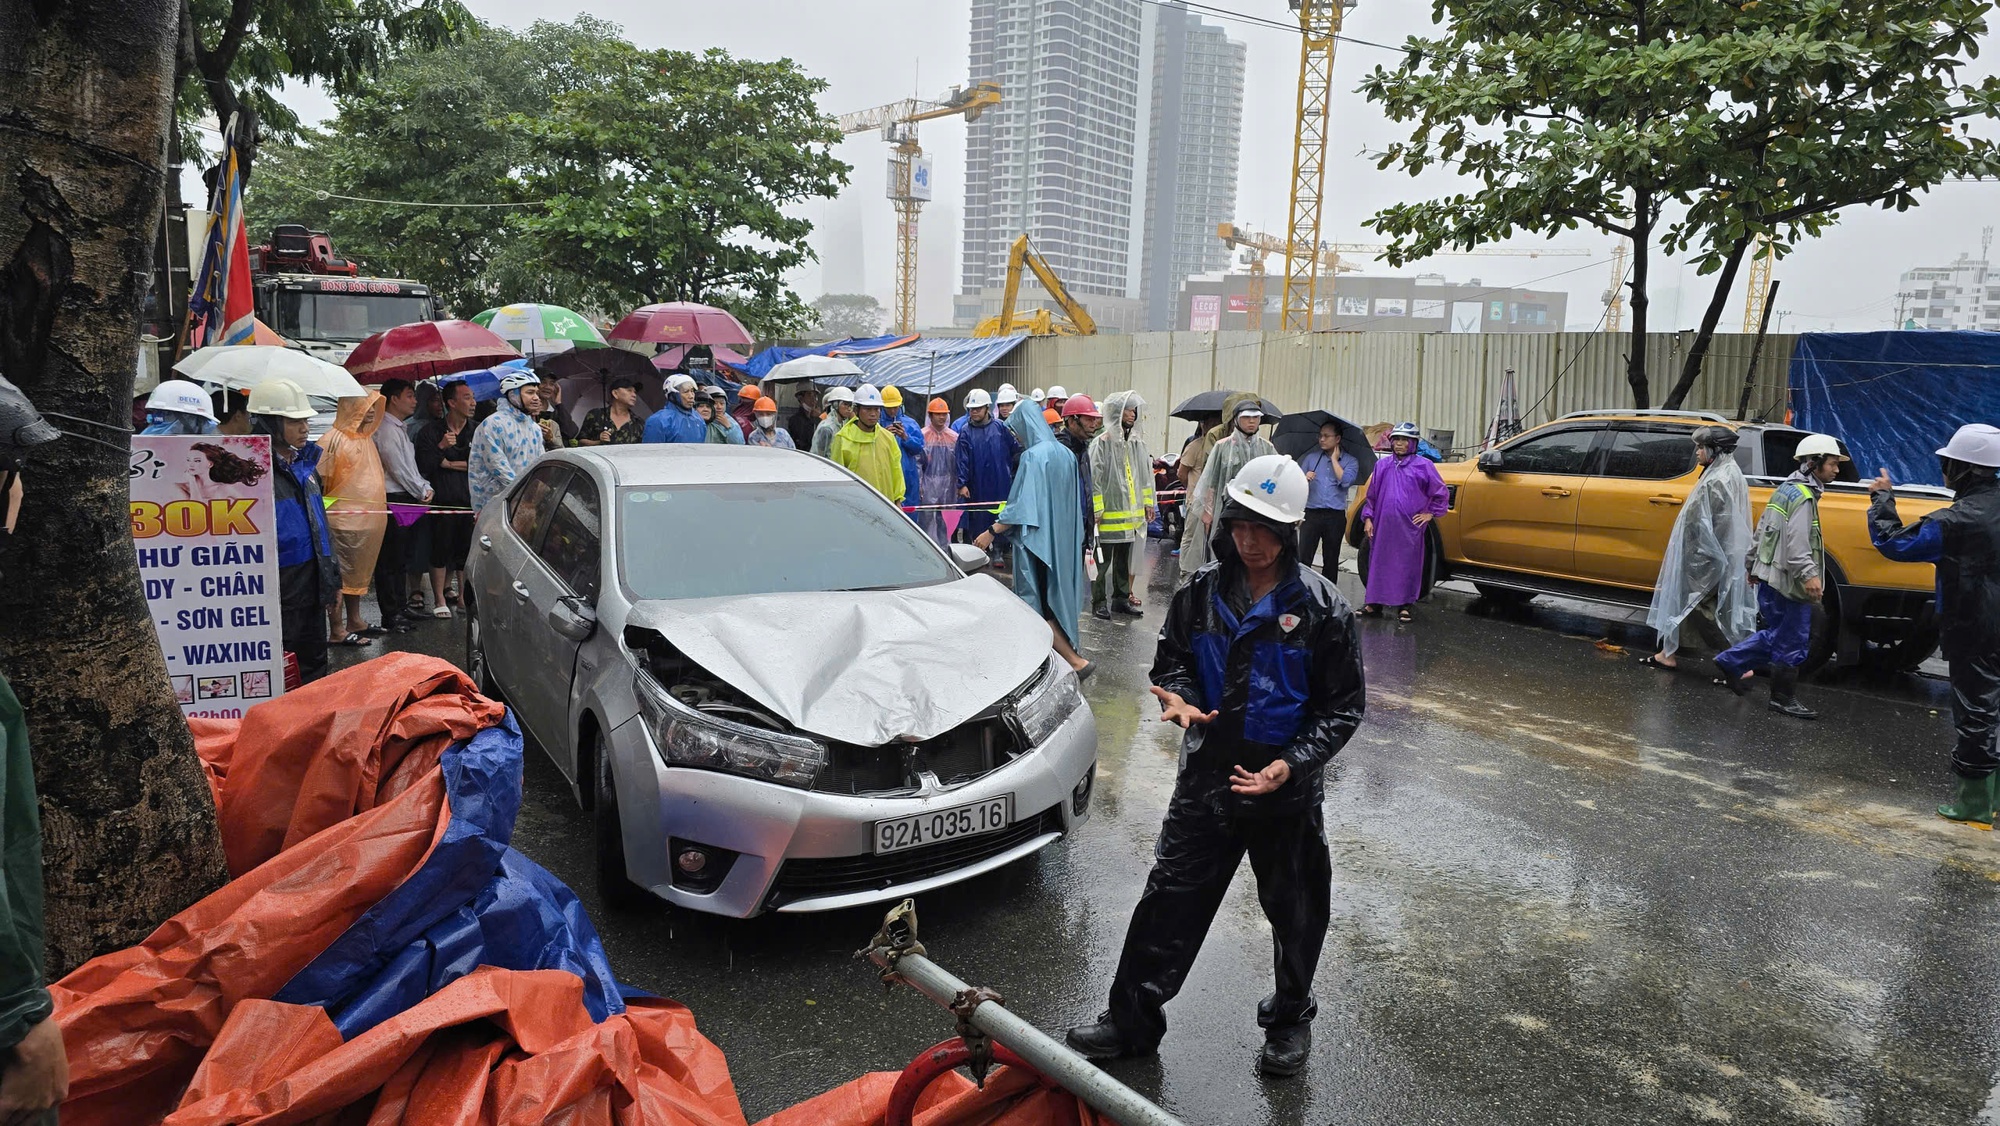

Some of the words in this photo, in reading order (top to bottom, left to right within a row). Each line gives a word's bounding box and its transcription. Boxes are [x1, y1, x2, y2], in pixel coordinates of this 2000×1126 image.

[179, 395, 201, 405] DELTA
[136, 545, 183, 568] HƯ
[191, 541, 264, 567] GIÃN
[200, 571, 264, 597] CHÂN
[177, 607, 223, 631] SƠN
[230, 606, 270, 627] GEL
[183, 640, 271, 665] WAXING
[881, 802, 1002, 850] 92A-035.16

What you are asked to do
Write out everything in the data word for word. Omit each picture.

Response
Some of the words in this photo, in reading order (top to bottom, left to right within a row). Each line gives a word's bounding box and its transcription. Boxes are [x1, y1, x2, y2], in pixel coordinates of this 2000×1126 image.

[179, 395, 201, 405] DELTA
[136, 545, 183, 568] HƯ
[191, 541, 264, 567] GIÃN
[200, 571, 264, 597] CHÂN
[177, 607, 223, 631] SƠN
[230, 606, 270, 627] GEL
[183, 640, 271, 665] WAXING
[881, 802, 1002, 850] 92A-035.16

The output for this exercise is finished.